* MATERIAL TO PROCESS
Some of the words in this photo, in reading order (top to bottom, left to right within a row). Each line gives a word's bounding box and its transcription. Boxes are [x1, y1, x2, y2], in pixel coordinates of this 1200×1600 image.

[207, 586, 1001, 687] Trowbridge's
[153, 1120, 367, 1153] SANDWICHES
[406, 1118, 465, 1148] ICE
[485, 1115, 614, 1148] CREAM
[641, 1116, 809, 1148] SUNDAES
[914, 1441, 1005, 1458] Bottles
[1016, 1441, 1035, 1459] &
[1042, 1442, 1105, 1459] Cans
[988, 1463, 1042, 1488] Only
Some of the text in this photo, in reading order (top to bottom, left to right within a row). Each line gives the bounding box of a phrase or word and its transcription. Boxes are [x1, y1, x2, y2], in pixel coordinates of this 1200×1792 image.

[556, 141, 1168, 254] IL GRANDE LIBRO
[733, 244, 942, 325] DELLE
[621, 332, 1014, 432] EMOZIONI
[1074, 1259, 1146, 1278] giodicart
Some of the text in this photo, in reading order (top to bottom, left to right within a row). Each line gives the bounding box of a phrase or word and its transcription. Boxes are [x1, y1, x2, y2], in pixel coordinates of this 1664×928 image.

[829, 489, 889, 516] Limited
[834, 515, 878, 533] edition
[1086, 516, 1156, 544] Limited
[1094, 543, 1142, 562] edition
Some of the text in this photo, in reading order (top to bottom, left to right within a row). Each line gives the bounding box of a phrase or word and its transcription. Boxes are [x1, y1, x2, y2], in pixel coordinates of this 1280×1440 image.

* WHAT THE TASK ASKS
Retype the entries. Every line must match exactly.

* COMPLETED EXERCISE
Some of the words in this photo, in reading order (top to bottom, left to right within a row). Each line gives a word's bounding box and its transcription. Boxes are [x1, y1, x2, y2], in pixel coordinates of this 1200×1600 image.

[207, 586, 1001, 687] Trowbridge's
[153, 1120, 367, 1153] SANDWICHES
[406, 1118, 465, 1148] ICE
[485, 1115, 614, 1148] CREAM
[641, 1116, 809, 1148] SUNDAES
[914, 1441, 1005, 1458] Bottles
[1016, 1441, 1035, 1459] &
[1042, 1442, 1105, 1459] Cans
[988, 1463, 1042, 1488] Only
Some of the text in this photo, in reading order (top to bottom, left to right within a row). Each line gives the bounding box of a phrase or word and its transcription. Boxes are [x1, y1, x2, y2], in pixel coordinates of this 1200×1792 image.

[556, 141, 1168, 254] IL GRANDE LIBRO
[733, 244, 942, 325] DELLE
[621, 332, 1014, 432] EMOZIONI
[1074, 1259, 1146, 1278] giodicart
Some of the text in this photo, in reading order (top to bottom, left to right within a row). Each line gives the bounding box of a phrase or word and its transcription. Boxes are [x1, y1, x2, y2], in pixel coordinates of this 1664×928 image.

[829, 489, 889, 516] Limited
[834, 515, 878, 533] edition
[1086, 516, 1156, 544] Limited
[1094, 543, 1142, 562] edition
Some of the text in this photo, in reading order (top to bottom, left to right within a row). Each line gives the bounding box of a phrase or word and its transcription. Boxes are [x1, y1, x2, y2], in pixel coordinates of this 1280×1440 image.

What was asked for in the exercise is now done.